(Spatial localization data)

....................

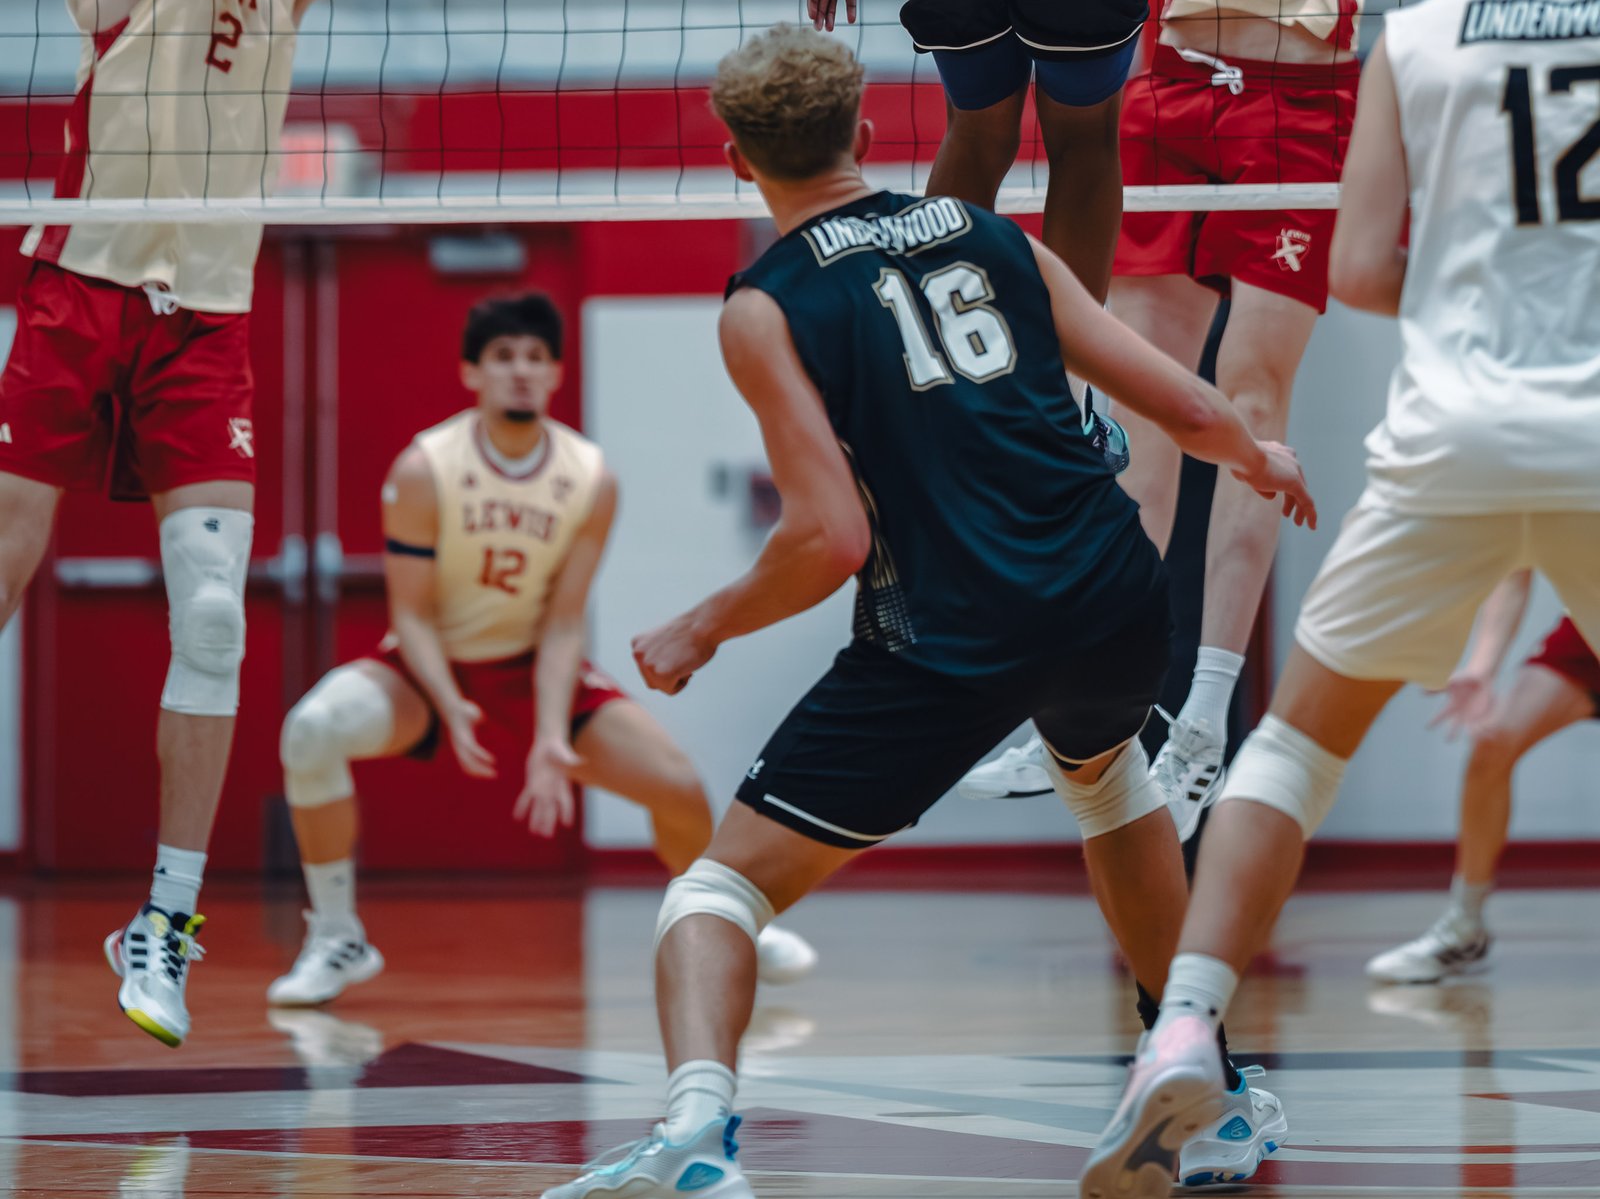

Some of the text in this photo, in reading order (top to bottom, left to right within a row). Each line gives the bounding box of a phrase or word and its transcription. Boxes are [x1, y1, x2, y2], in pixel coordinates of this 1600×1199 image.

[205, 10, 243, 75] 2
[1500, 64, 1600, 226] 12
[872, 261, 1018, 391] 16
[478, 545, 528, 596] 12
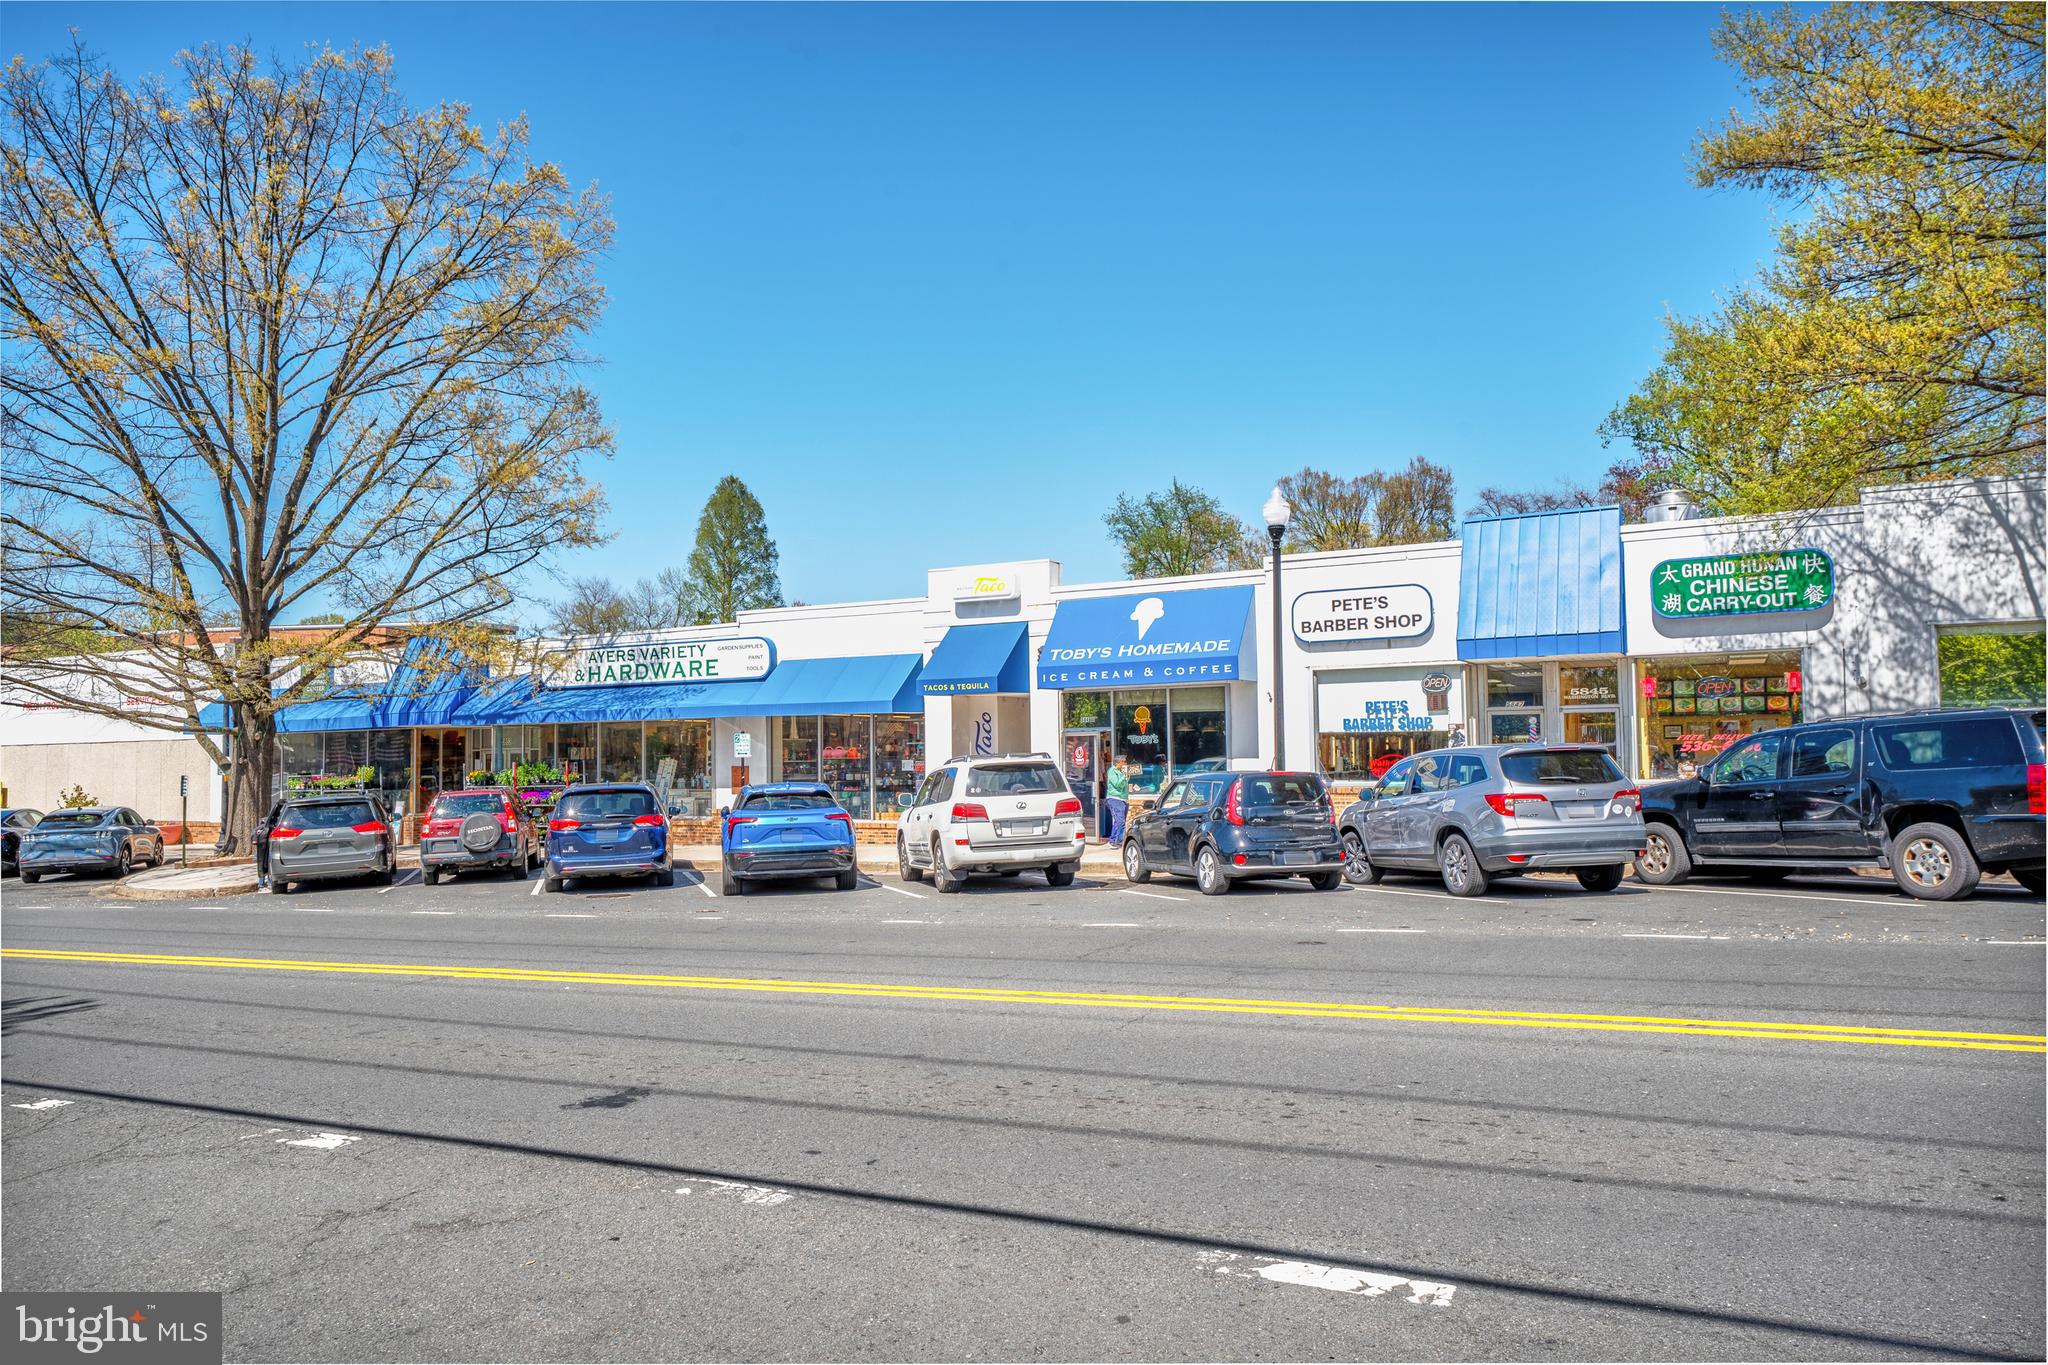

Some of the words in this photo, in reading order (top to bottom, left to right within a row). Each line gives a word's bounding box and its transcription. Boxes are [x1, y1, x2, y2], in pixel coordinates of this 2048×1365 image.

[1681, 562, 1736, 578] GRAND
[1740, 556, 1797, 573] HUNAN
[974, 577, 1006, 595] Taco
[1689, 574, 1789, 596] CHINESE
[1331, 596, 1389, 612] PETE'S
[1686, 592, 1798, 613] CARRY-OUT
[1301, 617, 1369, 634] BARBER
[1374, 614, 1423, 629] SHOP
[588, 649, 636, 664] AYERS
[640, 644, 707, 660] VARIETY
[1050, 647, 1113, 661] TOBY'S
[1117, 639, 1231, 658] HOMEMADE
[575, 669, 585, 682] &
[587, 659, 719, 683] HARDWARE
[1042, 673, 1069, 683] ICE
[1078, 669, 1134, 681] CREAM
[1143, 667, 1154, 677] &
[1164, 664, 1232, 676] COFFEE
[957, 682, 990, 690] TEQUILA
[1423, 677, 1448, 688] OPEN
[1698, 681, 1733, 695] OPEN
[1570, 687, 1609, 697] 5845
[1365, 700, 1409, 714] PETE'S
[1343, 717, 1394, 731] BARBER
[1398, 716, 1433, 731] SHOP
[467, 825, 494, 834] HONDA

....................

Assignment:
What is needed here is an exact copy of every record, with the pictures left out.

Result for this exercise:
Some of the text in this photo, in reading order (top to bottom, left to right within a row). Each line gives the bounding box of a phrase or word and its transcription. Boxes are [x1, y1, x2, y2], in pixel coordinates of this 1600×1199 image.

[205, 10, 243, 75] 2
[1500, 64, 1600, 226] 12
[872, 261, 1018, 391] 16
[478, 545, 528, 596] 12

Some of the words in this photo, in reading order (top to bottom, left to right within a row). Each line gives a word's bounding box and its transcription. Boxes are [x1, y1, x2, y2], in pixel coordinates of this 2048×1365 image.

[1681, 562, 1736, 578] GRAND
[1740, 556, 1797, 573] HUNAN
[974, 577, 1006, 595] Taco
[1689, 574, 1789, 596] CHINESE
[1331, 596, 1389, 612] PETE'S
[1686, 592, 1798, 613] CARRY-OUT
[1301, 617, 1369, 634] BARBER
[1374, 614, 1423, 629] SHOP
[588, 649, 636, 664] AYERS
[640, 644, 707, 660] VARIETY
[1050, 647, 1113, 661] TOBY'S
[1117, 639, 1231, 658] HOMEMADE
[575, 669, 585, 682] &
[587, 659, 719, 683] HARDWARE
[1042, 673, 1069, 683] ICE
[1078, 669, 1134, 681] CREAM
[1143, 667, 1154, 677] &
[1164, 664, 1232, 676] COFFEE
[957, 682, 990, 690] TEQUILA
[1423, 677, 1448, 688] OPEN
[1698, 681, 1733, 695] OPEN
[1570, 687, 1609, 697] 5845
[1365, 700, 1409, 714] PETE'S
[1343, 717, 1394, 731] BARBER
[1398, 716, 1433, 731] SHOP
[467, 825, 494, 834] HONDA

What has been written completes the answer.